Almost everyone involved in the production’s artistic team and cast is Black. This includes the cast of victims and their families; maestro Kazem Abdullah, who recently conducted the Met’s Fire Shut Up In My Bones; stage director Nataki Garrett, who doubles as Oregon Shakespeare Festival’s artistic director; projection designer Rasean Davonté Johnson; sound designer Brian Mohr; costume designer Wanda Walden; and lighting designer Jason Lynch. I bring this up because an almost all-Black production has been very uncommon on the opera stage until recently. Things are changing, though, and lately exceptions include the 2019 Blue at Seattle Opera earlier this month (read James Bash’s ArtsWatch review here) and Terence Blanchard’s Fire Shut Up In My Bones, which opened the Met’s 2021-2022 season and was the 142-year-old company’s first staged Black-composed opera. Portland Opera presented a digital production of Journeys to Justice in spring 2021 featuring searing stories about the Black experience with a mostly Black cast. It was curated by Damien Geter, PO’s artistic advisor and interim music director (read my review for ArtsWatch here).


Divided worlds

Scenic designer and former architect Mariana Sanchez Hernandez created a stark set of concrete benches and blocks that worked with the two-level configuration envisioned by stage director Garrett. The bi-leveled staging convincingly expressed the opera’s environment metaphorically and visually. On the lower level, the young Black victims and their Harlem families dwell. That’s where they goof off early in the opera–and where later they are arrested, interrogated, sentenced and incarcerated–while the top level is the domain of the white decision-making world, who in this opera’s case are triple-A oppressors.


The top is also the “home” of the fluid ubiquitous character, The Masque, who is sort of like The Man—the guy in power, yet a masquerader. He switches roles from reporter to policeman to judge. Sung and acted superbly by versatile Los Angeles baritone Johnathan McCullough, he seamlessly moves in and out of the various roles, and he descends to the lower level to do his power-hungry jobs. Conversely, when Korey Wise is released from Rikers in 2002, discarding his orange prison uniform on the stage floor, he ascends to the top tier and sings “Who is going to pay me back?“ For a moment, the power structure shifts.


Though all the singers were good, a special shout out to the tiny Jazmine Olwalia, the mezzo-soprano who performed the role of Sharon Salaam, the mother of the youth Yusef Salaam (sung by bass-baritone Aubrey Allicock). Feisty and persistent, she never gives up advocating for her son. “They don’t know his heart,” she sings. “They only know the picture they paint and how he fits in the frame.”

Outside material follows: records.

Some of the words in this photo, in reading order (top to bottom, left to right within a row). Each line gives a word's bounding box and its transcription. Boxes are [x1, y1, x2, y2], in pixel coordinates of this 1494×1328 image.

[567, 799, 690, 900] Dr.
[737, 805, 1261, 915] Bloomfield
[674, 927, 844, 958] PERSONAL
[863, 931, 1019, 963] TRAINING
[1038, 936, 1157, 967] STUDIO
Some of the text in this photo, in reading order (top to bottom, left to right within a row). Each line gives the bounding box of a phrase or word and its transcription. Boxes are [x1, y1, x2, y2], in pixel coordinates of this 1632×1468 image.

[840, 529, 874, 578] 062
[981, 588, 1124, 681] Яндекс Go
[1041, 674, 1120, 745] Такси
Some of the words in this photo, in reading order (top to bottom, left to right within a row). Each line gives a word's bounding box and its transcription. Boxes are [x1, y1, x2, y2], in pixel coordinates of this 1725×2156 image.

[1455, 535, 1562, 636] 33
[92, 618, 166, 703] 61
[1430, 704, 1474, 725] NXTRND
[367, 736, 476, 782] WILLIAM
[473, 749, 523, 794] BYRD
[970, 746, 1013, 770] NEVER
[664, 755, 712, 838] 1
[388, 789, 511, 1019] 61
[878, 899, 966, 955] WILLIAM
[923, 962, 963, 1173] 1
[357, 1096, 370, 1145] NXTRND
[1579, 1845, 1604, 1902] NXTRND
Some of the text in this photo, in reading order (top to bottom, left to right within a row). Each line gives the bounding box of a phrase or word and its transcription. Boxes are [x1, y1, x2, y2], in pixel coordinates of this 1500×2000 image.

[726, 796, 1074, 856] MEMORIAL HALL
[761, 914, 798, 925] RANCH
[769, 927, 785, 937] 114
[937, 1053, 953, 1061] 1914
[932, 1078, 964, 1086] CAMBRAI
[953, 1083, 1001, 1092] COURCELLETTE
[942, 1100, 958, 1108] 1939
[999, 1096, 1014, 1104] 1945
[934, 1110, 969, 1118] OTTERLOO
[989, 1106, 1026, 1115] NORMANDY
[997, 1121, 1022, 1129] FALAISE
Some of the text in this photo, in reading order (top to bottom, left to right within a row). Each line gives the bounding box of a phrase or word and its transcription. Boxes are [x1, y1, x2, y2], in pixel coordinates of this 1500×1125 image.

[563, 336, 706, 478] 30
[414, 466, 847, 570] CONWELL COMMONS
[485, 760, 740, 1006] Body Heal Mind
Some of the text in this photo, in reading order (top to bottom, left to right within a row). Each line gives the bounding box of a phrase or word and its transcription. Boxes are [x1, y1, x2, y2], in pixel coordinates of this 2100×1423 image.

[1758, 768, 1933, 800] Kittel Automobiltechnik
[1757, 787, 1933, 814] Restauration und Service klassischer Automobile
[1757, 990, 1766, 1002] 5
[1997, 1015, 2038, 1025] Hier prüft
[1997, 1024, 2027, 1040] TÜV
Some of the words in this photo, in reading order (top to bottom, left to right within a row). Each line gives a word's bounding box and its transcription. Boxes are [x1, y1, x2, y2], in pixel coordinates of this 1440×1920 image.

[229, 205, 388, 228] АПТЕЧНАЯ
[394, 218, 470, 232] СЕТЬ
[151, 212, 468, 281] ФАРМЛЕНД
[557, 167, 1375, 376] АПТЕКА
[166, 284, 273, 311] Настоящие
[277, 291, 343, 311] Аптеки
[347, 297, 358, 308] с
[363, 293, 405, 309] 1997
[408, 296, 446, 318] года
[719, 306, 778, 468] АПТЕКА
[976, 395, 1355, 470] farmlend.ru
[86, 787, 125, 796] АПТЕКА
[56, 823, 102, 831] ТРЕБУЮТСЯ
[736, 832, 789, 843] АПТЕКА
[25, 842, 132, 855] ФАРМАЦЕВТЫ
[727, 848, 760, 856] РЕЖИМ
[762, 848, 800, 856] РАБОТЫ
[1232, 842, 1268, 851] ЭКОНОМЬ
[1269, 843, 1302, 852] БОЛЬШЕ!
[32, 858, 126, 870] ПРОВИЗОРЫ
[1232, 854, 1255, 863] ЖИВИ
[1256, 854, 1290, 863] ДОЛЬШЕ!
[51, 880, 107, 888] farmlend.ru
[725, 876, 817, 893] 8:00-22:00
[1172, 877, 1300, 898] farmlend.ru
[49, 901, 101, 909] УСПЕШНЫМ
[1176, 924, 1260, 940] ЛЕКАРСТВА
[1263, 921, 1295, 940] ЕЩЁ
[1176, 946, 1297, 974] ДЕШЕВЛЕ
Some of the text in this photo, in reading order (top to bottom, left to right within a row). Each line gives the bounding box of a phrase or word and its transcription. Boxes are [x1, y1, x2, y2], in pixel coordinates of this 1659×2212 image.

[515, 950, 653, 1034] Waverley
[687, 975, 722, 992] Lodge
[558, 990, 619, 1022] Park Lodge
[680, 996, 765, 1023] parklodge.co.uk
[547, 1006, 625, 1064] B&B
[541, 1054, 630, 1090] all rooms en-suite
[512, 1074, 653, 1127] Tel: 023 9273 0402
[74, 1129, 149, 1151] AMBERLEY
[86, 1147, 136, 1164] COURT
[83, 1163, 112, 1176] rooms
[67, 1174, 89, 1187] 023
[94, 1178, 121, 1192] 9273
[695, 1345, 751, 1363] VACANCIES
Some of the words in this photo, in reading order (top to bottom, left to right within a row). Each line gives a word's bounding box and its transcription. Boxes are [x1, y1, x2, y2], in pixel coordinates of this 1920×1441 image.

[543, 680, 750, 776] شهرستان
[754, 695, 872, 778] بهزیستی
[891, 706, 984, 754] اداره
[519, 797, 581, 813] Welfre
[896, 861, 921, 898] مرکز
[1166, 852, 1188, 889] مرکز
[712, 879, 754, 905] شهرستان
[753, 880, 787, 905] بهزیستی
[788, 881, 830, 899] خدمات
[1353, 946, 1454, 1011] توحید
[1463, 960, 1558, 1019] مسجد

Another mezzo, Hannah Ludwig, had the unsympathetic part of the pushy prodding white assistant district attorney. She shaped her lines flawlessly and moved like the late-’80s power person she portrayed. The New York Times called her voice “chocolatey and large yet with focus and agility,” and I can’t do better than that.


Music and the boys/men

The boys doubled as men, and it was primarily through costumes, gestures and posture that you could tell when the boys became men. Aside from Allicock as Yusef Salaam and Nathan Granner as Korey Wise, others were tenor Bernard Holcomb as Kevin RIchardson, tenor Victor Ryan Robertson as Raymond Santana and bass-baritone Donovan Singletary as Anton McCray. They sang to difficult, mostly atonal mid-century modernist music that New Yorker critic Alex Ross described as “closer to a symphonic jazz score, in the tradition of Ellington’s long-form pieces and, in its more seething stretches, of 1960 (avant-garde jazz) musicians Anthony Braxton and Cecil Taylor,” according to OAW colleague Campbell’s research. I am at a loss to describe the score better than that. Kudos go out to musicians and vocalists, and most significantly to conductor Abdullah who pulled it all together, for interpreting the complex music so well.


To be sure, there was very little melody, but in its place, rhythm and propulsion–underlined by an ominous bass line–prevailed. Add to that plenty of percussion and winds, occasional sax and brass, vibes, piano and a few strings.


I will pick one bone with the opera: We never get to know the victims very well, though they are the main characters. Still, they are not distinctively or deeply drawn characters. They were humanely portrayed, but they came off more as a bunch than as individuals. But that was the opera’s shortcoming, not the production’s, and certainly artistic choices were made along the way for that to have occurred. After all, the two-act opera was 2.5 hours long without character development. This shortcoming didn’t prevent me from tearing up with empathy for the boys and their families, and with outrage for our country’s toxic systemic, systematic and savage racism.


This story about the appalling miscarriage of justice in itself is dramatic and harrowing. It made ideal contemporary material for an opera. The Central Park Five is mostly tragic but ends in subdued joy with the exoneration of the men, though the tragedies and travesties of racial and social injustice continue."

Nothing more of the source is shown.